Étant donné que, pour cette personne, la connaissance scientifique et technique prime les autres types de savoirs, elle est toujours à l’affût des innovations dans ces domaines et de leurs possibilités d’application. Ses actions sont dictées par la recherche de résultats — « peu importe le moyen, c’est le résultat qui compte » — et le changement. Son horizon temporel est à court terme, car c’est à cette condition qu’elle peut s’attribuer le mérite des résultats obtenus. Pour elle, le temps est une ressource rare et précieuse, une unité de mesure cruciale : « le temps c’est de l’argent. »

Le leader pragmatique se définit comme une personne d’action, de projets et de résultats, qui envisage la société comme un « réseau » de relations utiles, c’est-à-dire un marché de personnes en relations de commerce, pour qui le monde est un immense réservoir de ressources disponibles. Il est un fervent défenseur du développement et de la croissance, convaincu que le Progrès est le moteur de la vie. Et comme le Progrès est inscrit dans le cours normal des choses, on ne peut l’arrêter. De là son attirance pour la science, qui en est la manifestation, et pour la technique, son application.

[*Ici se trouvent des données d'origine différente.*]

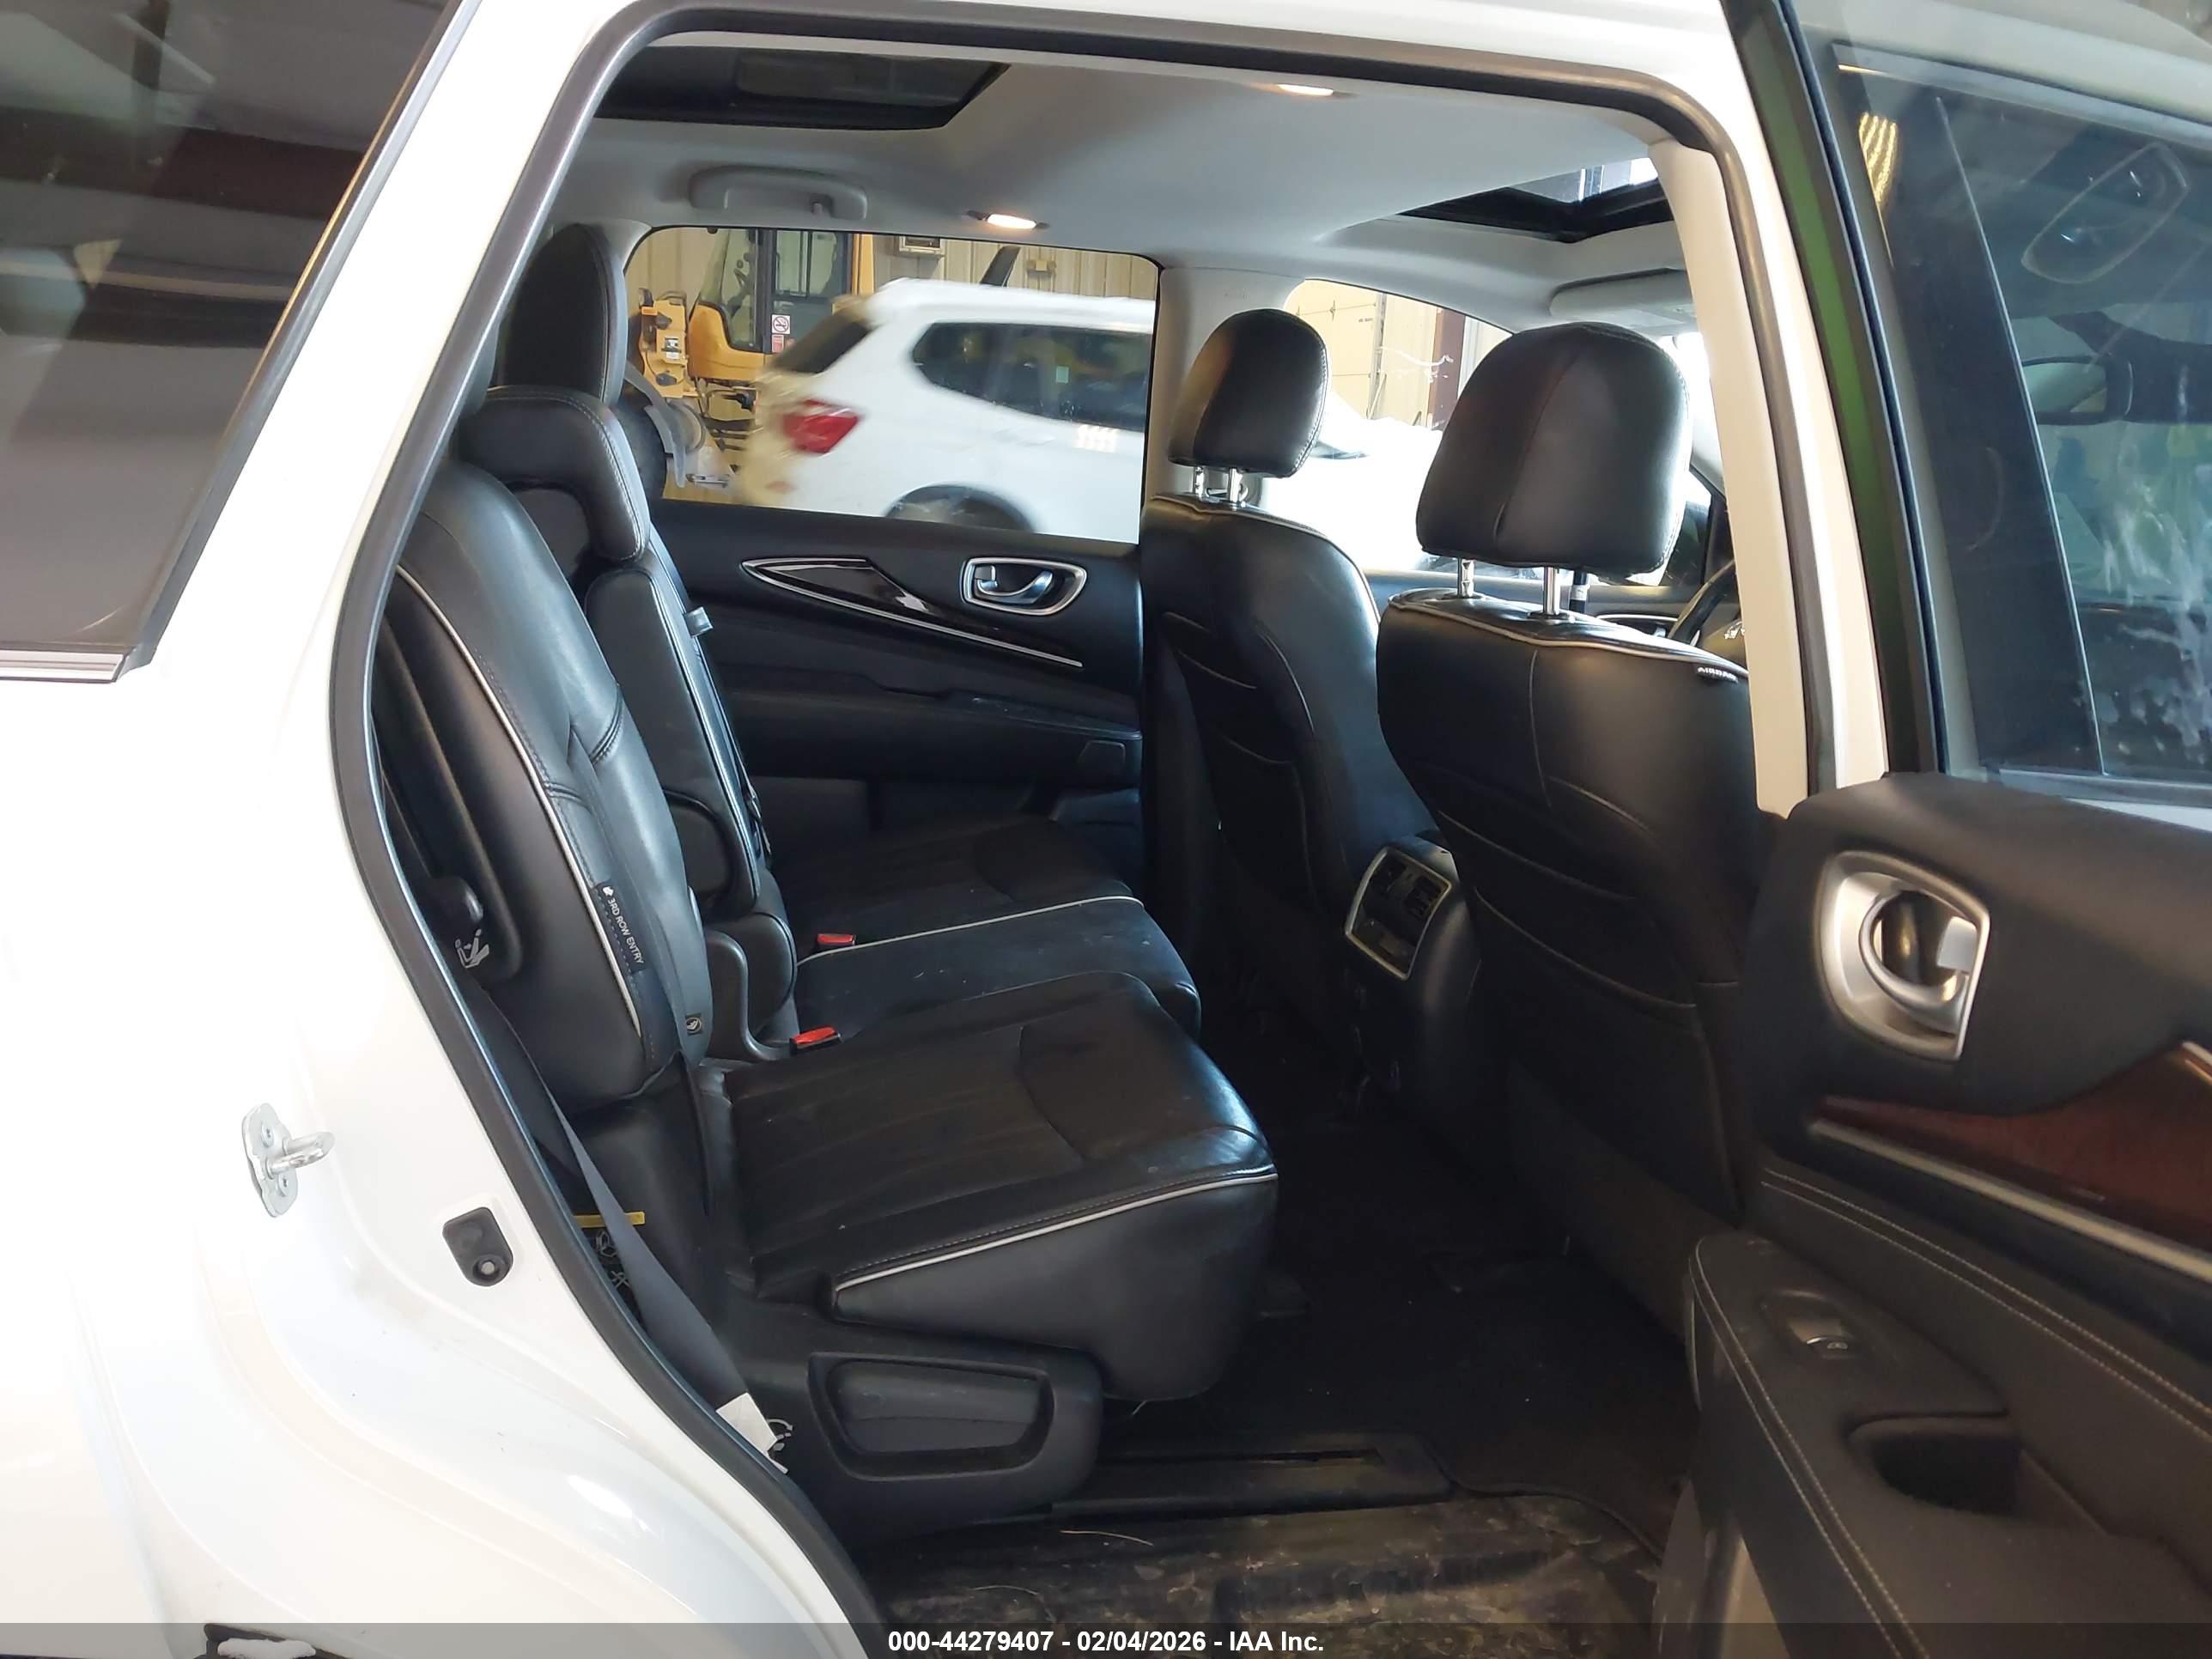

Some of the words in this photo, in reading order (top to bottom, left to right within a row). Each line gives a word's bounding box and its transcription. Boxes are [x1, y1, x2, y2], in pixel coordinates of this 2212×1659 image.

[607, 897, 620, 915] 3RD
[616, 915, 631, 935] ROW
[626, 937, 644, 963] ENTRY
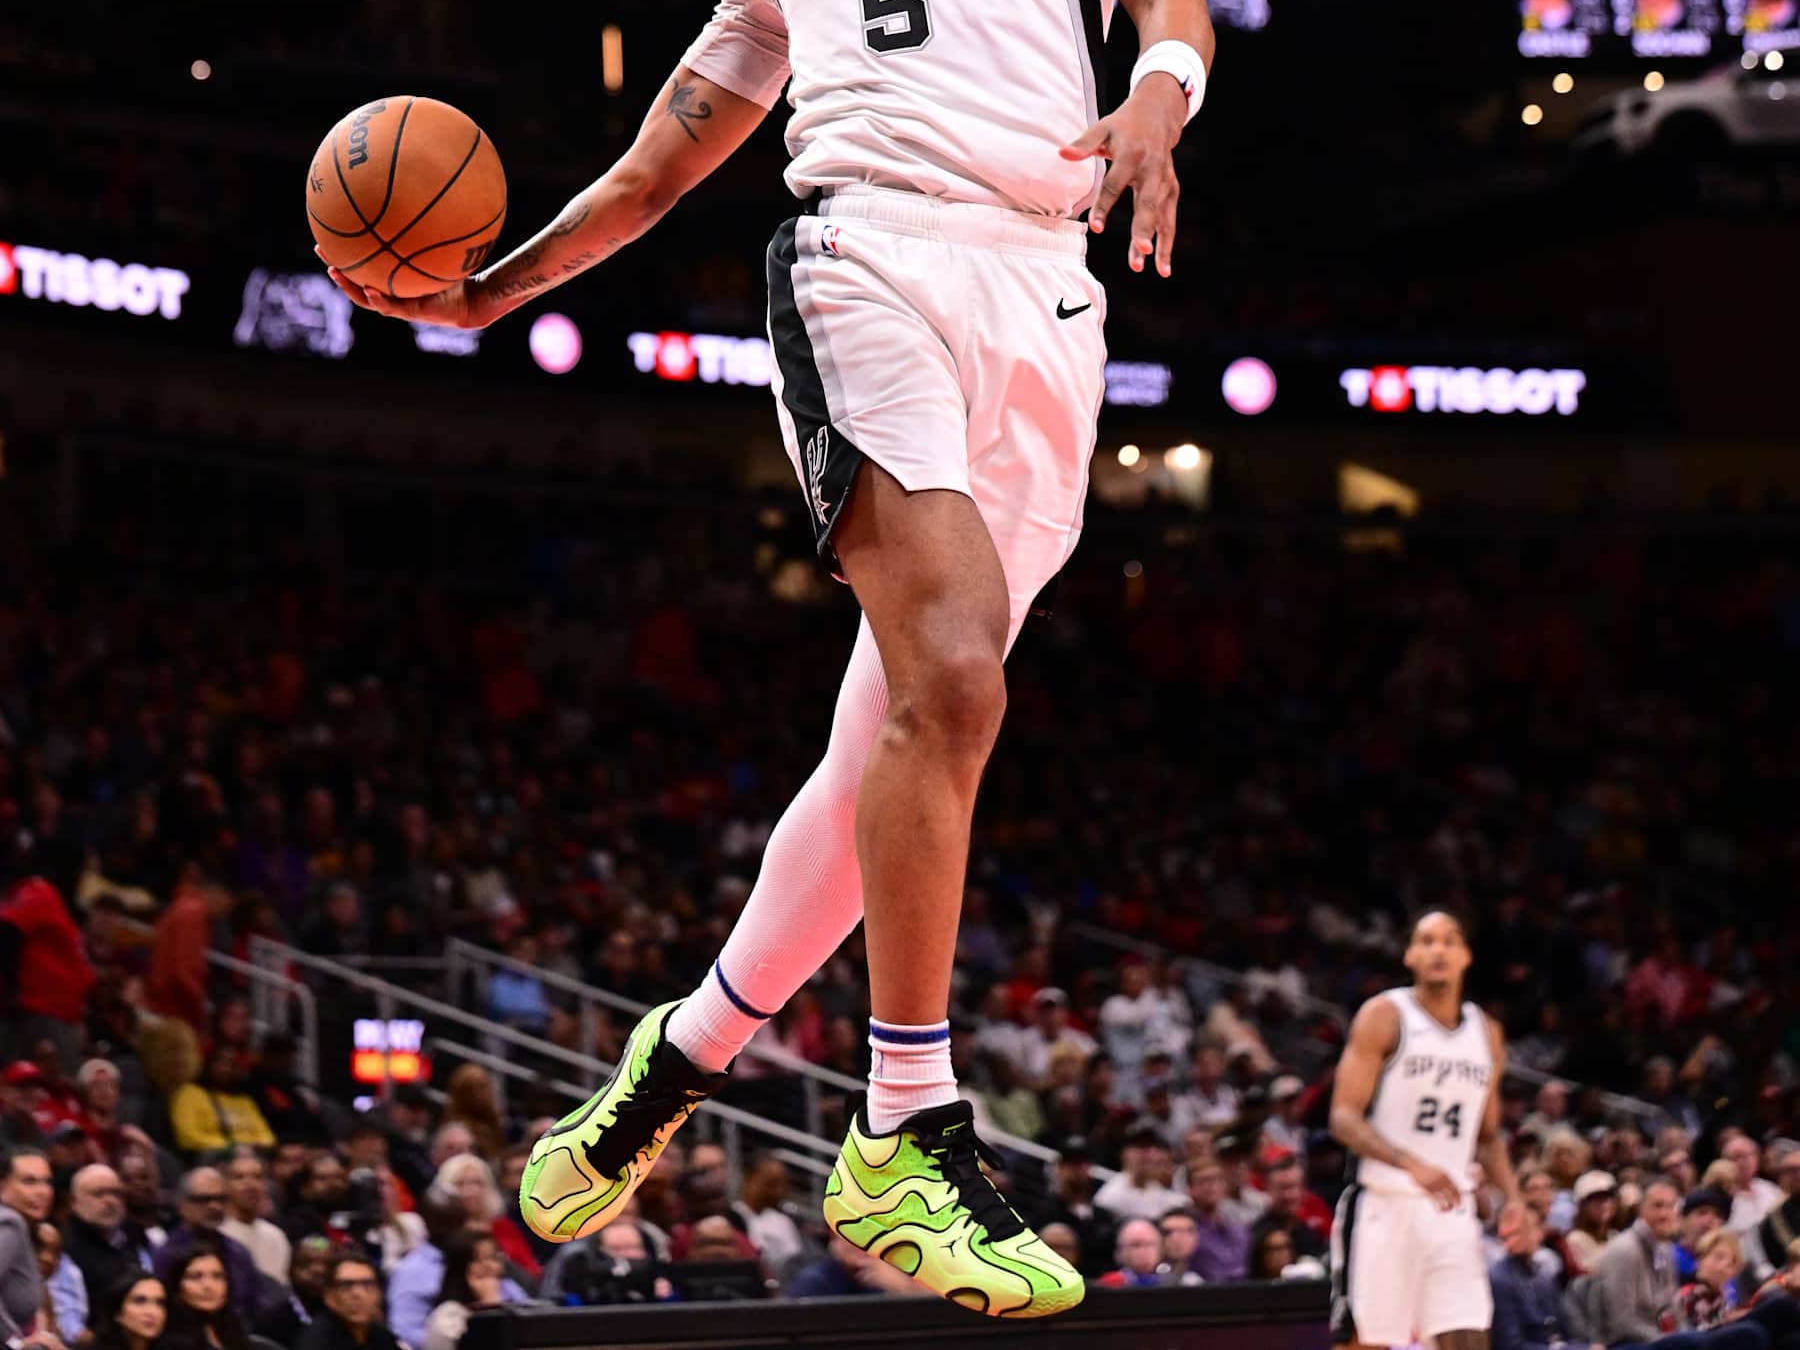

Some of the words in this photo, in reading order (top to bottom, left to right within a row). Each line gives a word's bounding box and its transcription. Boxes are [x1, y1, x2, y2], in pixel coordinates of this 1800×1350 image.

[14, 245, 190, 320] TISSOT
[694, 334, 771, 387] TIS
[1409, 366, 1586, 416] TISSOT
[1402, 1053, 1491, 1088] SPURS
[1415, 1096, 1462, 1139] 24
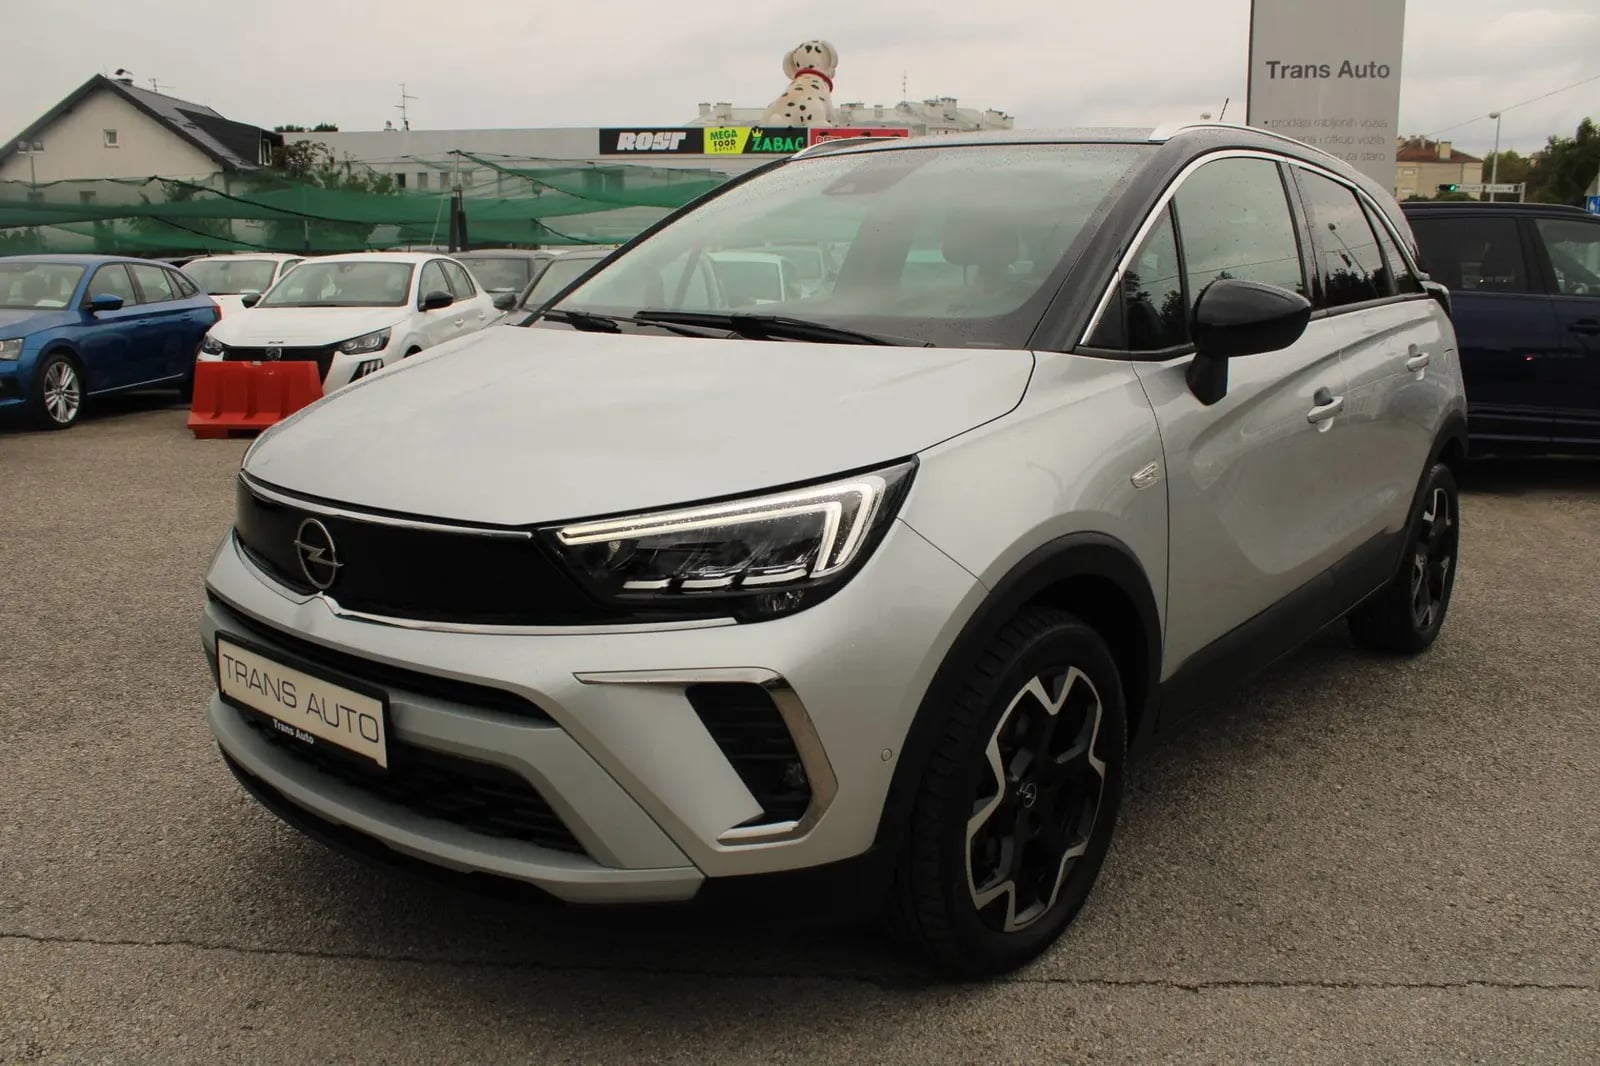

Autant ces traits de caractère peuvent être féconds quand ils sont appliqués à des situations appropriées, autant ils peuvent devenir problématiques quand ils ne sont pas pertinents au contexte ou qu’ils dépassent la mesure. On verra alors se développer la myopie du court terme, l’obsession du résultat à tout prix, l’activisme, la recherche immodérée de l’efficacité, l’adoption de comportements opportunistes — où la personne règle sa conduite sur son intérêt momentané —, machiavéliques — où la fin justifie les moyens — et matérialistes — où dominent les considérations de nature matérielle au détriment des autres volets —, pouvant aller jusqu’à l’obsession du calcul et l’aveuglement d’une « pensée du nombre » qui évacue le non-quantifiable. Beaucoup de problèmes relevés actuellement dans le domaine des affaires et en gestion sont intimement liés à ces pathologies pragmatiques issues en particulier de la recherche de rendements financiers à court terme.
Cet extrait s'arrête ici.